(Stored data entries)
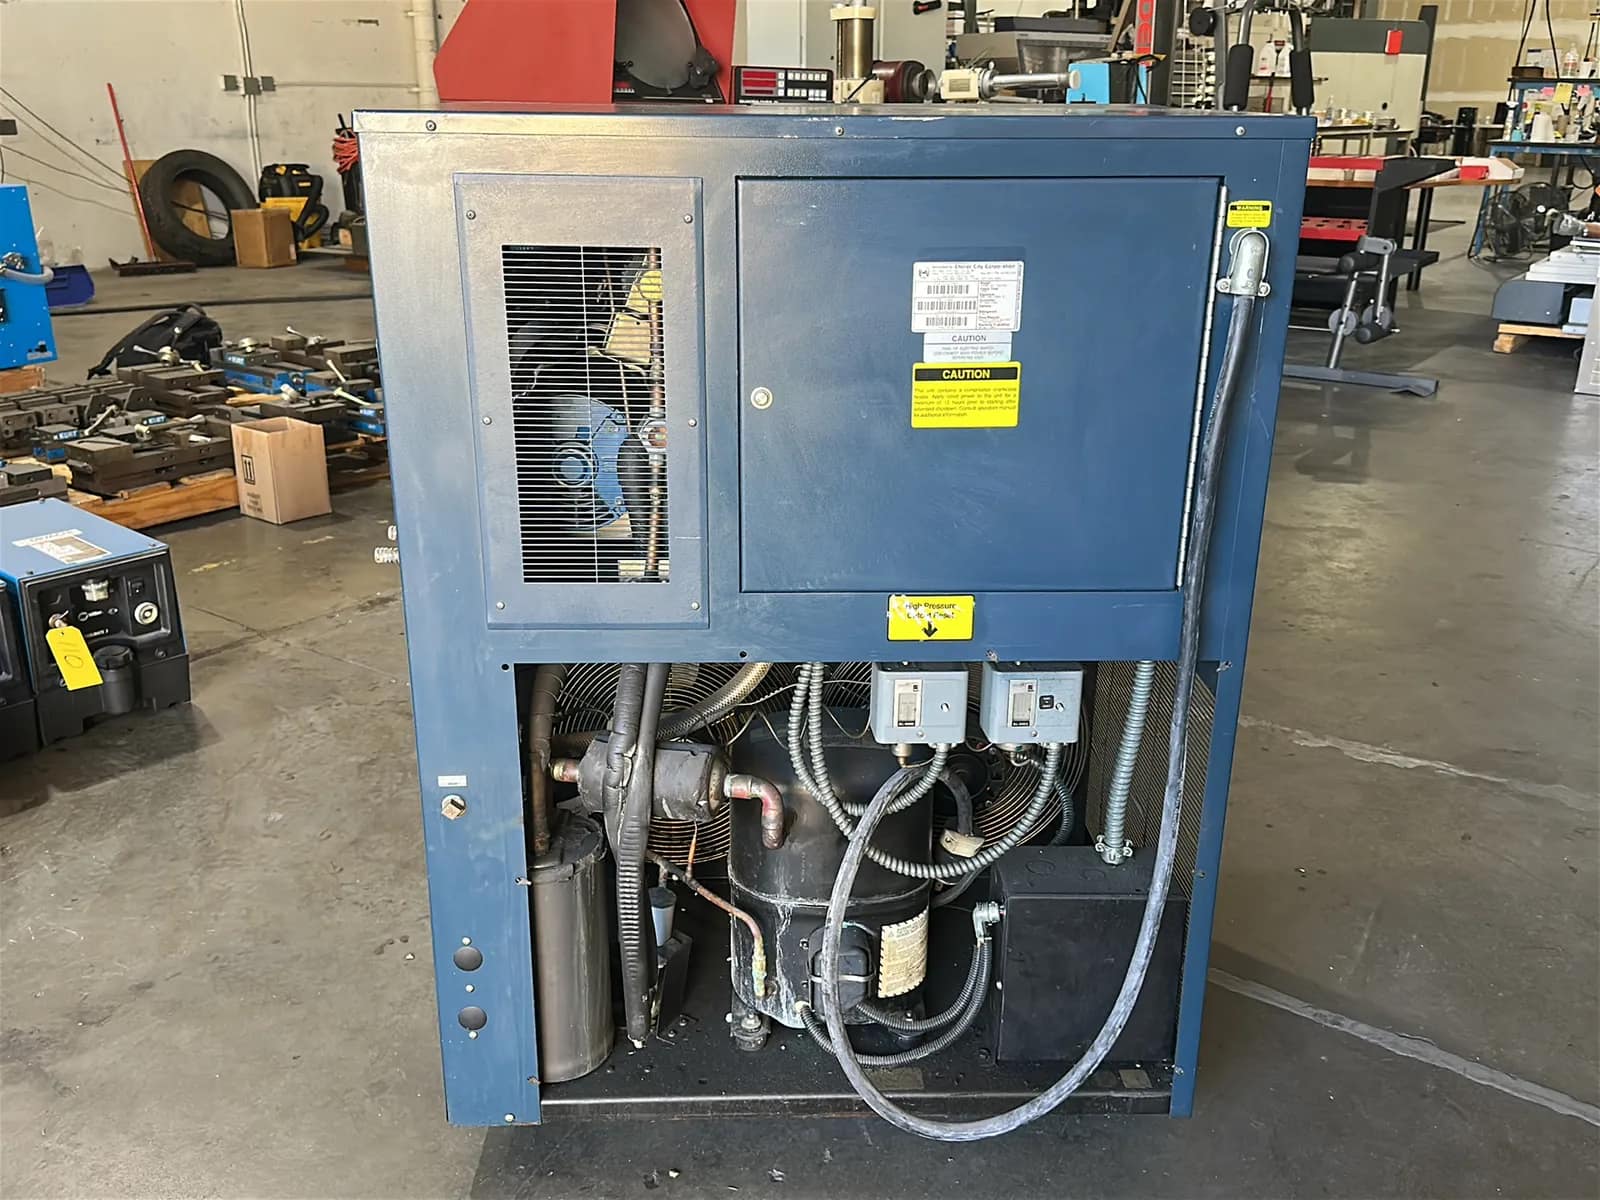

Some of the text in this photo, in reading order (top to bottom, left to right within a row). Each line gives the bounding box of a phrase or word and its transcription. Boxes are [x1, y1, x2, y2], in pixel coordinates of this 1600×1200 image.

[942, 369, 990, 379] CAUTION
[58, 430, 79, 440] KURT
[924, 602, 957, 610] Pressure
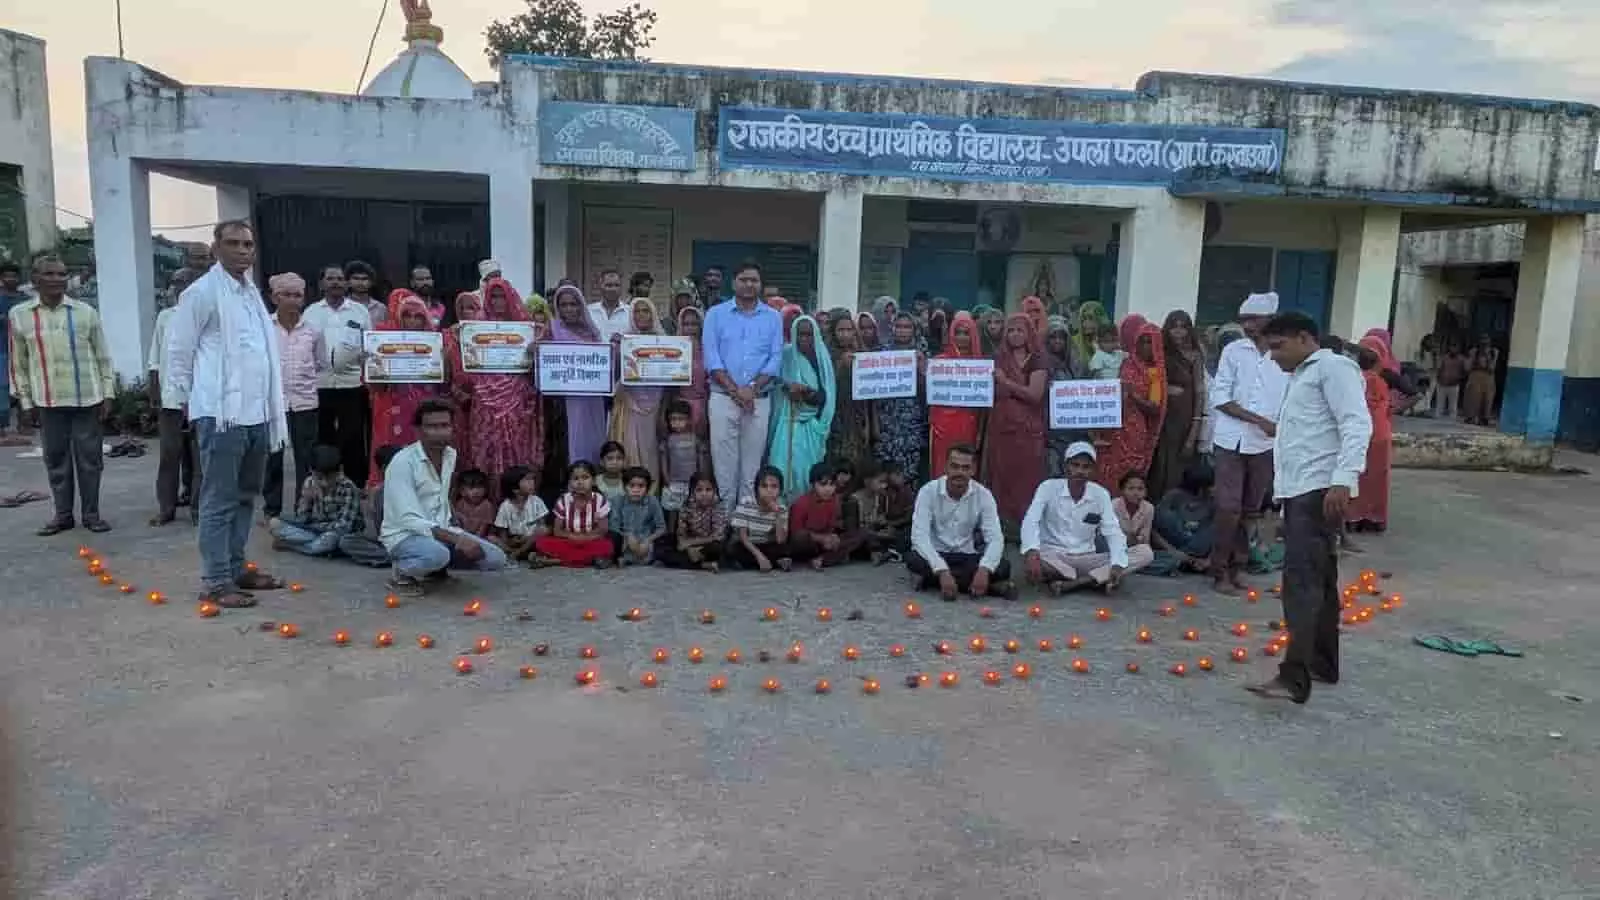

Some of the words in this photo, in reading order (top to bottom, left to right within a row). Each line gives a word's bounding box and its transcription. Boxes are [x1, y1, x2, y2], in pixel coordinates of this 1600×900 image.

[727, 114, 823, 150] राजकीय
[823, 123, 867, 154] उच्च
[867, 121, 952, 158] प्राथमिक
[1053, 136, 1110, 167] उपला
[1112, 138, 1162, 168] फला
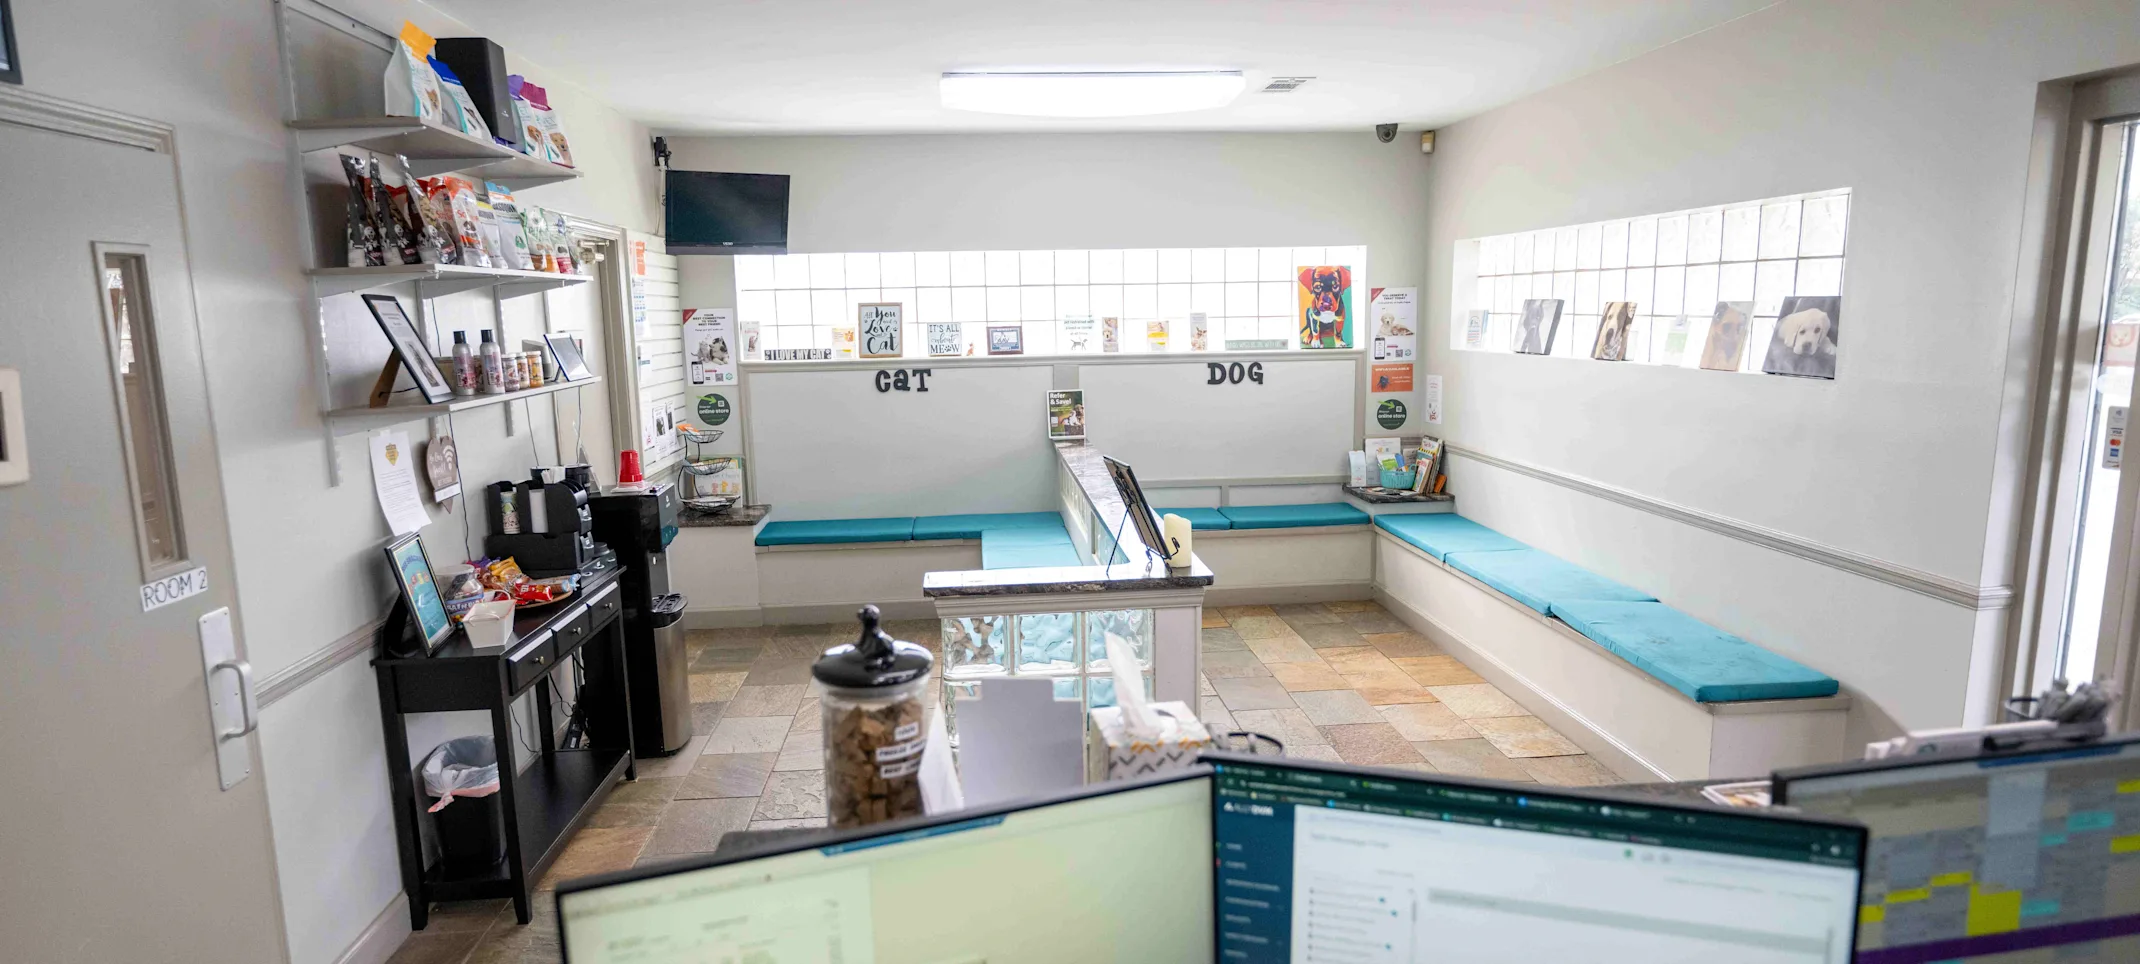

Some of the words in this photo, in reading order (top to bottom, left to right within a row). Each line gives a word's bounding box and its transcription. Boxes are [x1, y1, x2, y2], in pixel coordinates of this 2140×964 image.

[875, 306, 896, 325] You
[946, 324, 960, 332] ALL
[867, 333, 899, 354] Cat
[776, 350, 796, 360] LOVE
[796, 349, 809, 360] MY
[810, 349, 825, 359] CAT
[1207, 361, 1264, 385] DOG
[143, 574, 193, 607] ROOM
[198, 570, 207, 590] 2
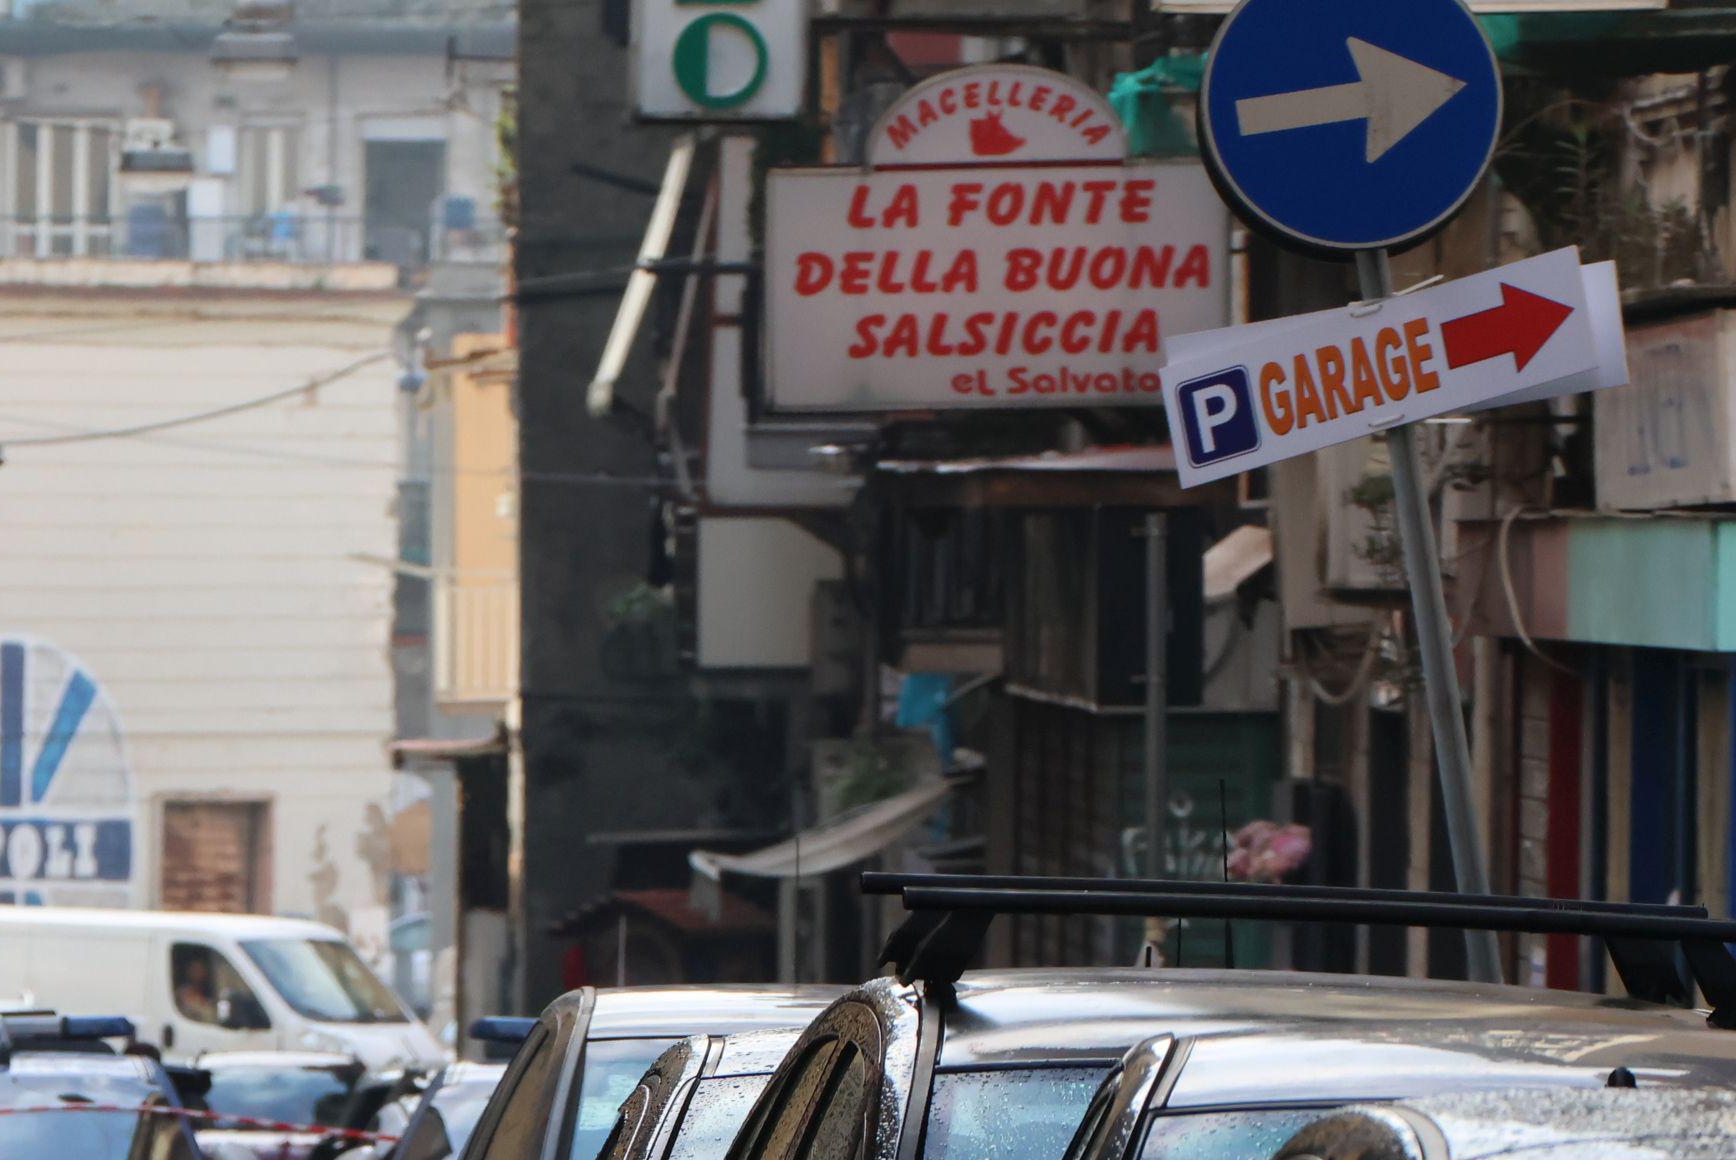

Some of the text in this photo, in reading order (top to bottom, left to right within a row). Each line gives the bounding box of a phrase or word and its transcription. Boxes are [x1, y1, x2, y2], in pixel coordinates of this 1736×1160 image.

- _Activity_: Hand back the data above exactly, leaving out all pictures.

- _Answer space_:
Some of the text in this photo, in reading order (top to bottom, left to right within a row). Each line gives the bounding box of a phrase or word and its transcription. Boxes are [x1, y1, x2, y2], in pixel coordinates of this 1600×1200 image.

[942, 369, 990, 379] CAUTION
[58, 430, 79, 440] KURT
[924, 602, 957, 610] Pressure

Some of the words in this photo, in reading order (top to bottom, left to right within a row). Each line gives a word's bounding box and its transcription. Boxes are [x1, y1, x2, y2], in pixel coordinates of this 1600×900 image.

[727, 114, 823, 150] राजकीय
[823, 123, 867, 154] उच्च
[867, 121, 952, 158] प्राथमिक
[1053, 136, 1110, 167] उपला
[1112, 138, 1162, 168] फला

Some of the words in this photo, in reading order (top to bottom, left to right within a row). Each line gives a word's bounding box and its transcription. Boxes are [x1, y1, x2, y2], in pixel coordinates of this 2140×964 image.

[875, 306, 896, 325] You
[946, 324, 960, 332] ALL
[867, 333, 899, 354] Cat
[776, 350, 796, 360] LOVE
[796, 349, 809, 360] MY
[810, 349, 825, 359] CAT
[1207, 361, 1264, 385] DOG
[143, 574, 193, 607] ROOM
[198, 570, 207, 590] 2

Some of the text in this photo, in reading order (top to bottom, left to right within a row). Each line gives the bounding box of a phrase or word and its transcription. Boxes are [x1, y1, x2, y2], in pixel coordinates of this 1736×1160 image.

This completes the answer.